The beautiful female deputy is glaring at me like I’m an ugly stain on her favorite dress, and I have no idea if she somehow knows who I am and where I’ve been living for the last two months or if she and Warrick have a history and him holding my hand is making her want to pull out her gun and shoot me.

I try to slip my hand free of Warrick’s hold, but instead of letting me go, his hold on me tightens. A part of me expects him to turn and speak to me, but he doesn’t. Instead, he silently warns me to stop trying to get free, while he focuses all of his attention forward.

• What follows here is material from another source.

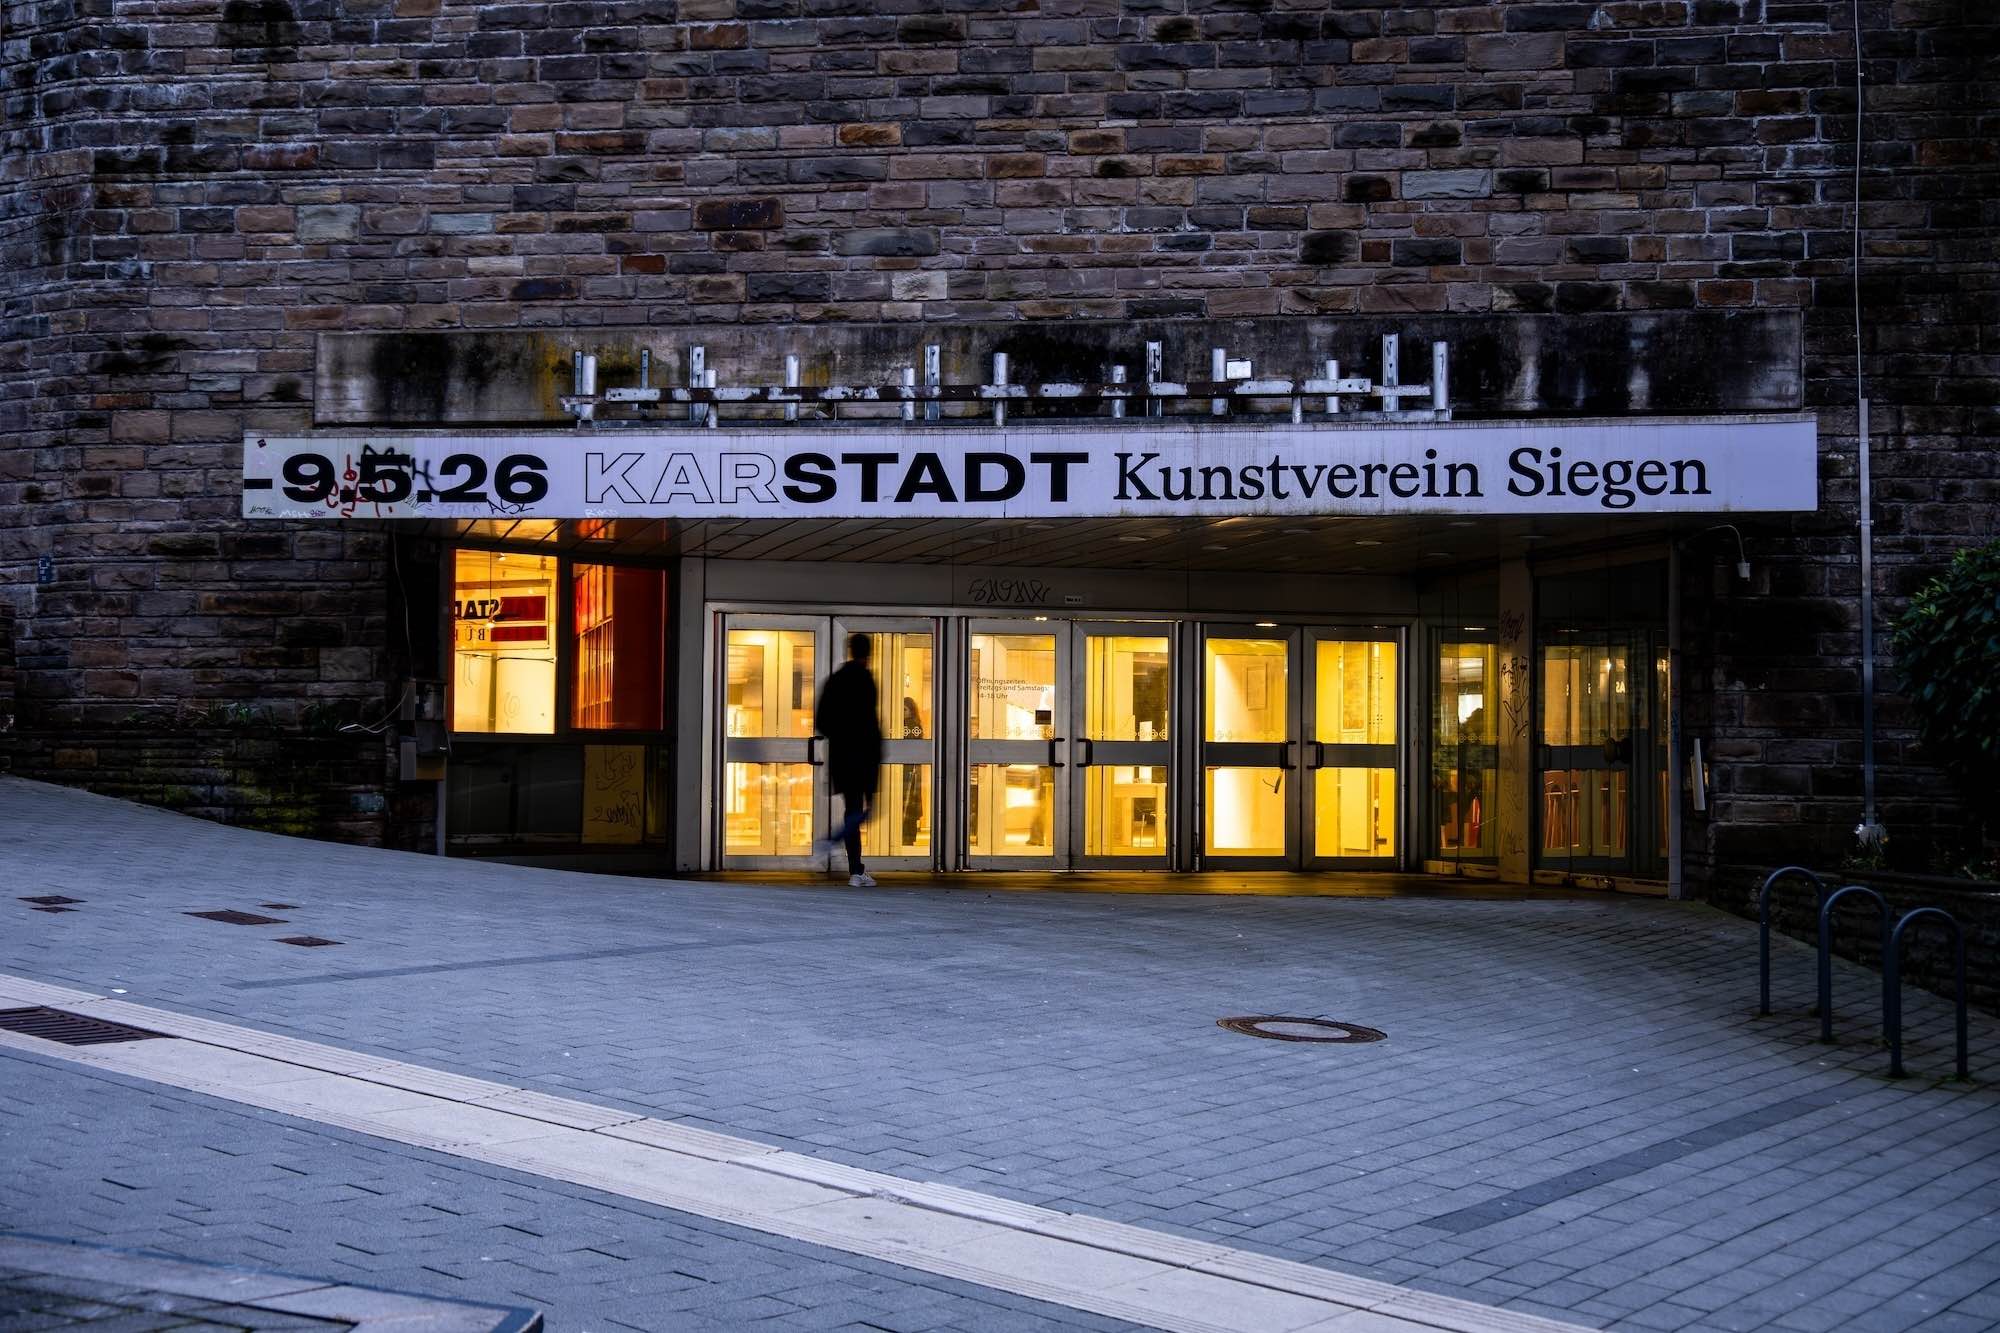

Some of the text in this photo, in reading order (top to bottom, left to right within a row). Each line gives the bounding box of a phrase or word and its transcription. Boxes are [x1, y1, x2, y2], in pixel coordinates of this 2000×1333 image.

Did he bring me here to try to make this woman jealous? He asked me out earlier, but that doesn’t really mean anything. There were plenty of women at the club who got paid to have sex with the customers, then went home to their boyfriends and husbands without a care in the world.

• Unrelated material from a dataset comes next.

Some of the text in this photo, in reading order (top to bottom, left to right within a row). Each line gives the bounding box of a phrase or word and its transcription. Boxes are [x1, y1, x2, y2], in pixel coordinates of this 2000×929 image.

Warrick and the deputy could have a relationship like that. Although, he’s not giving off any energy toward her right now. He hasn’t moved closer or called her by her name. I’m distracted from my thoughts when a tall man rounds the partition that hides the people in the back from the entrance.

“Hey Warrick, how are you?” the man says, greeting Warrick warmly.

“Hey, Cam. Sorry to bother you, bro, but I wanted to introduce you to someone.”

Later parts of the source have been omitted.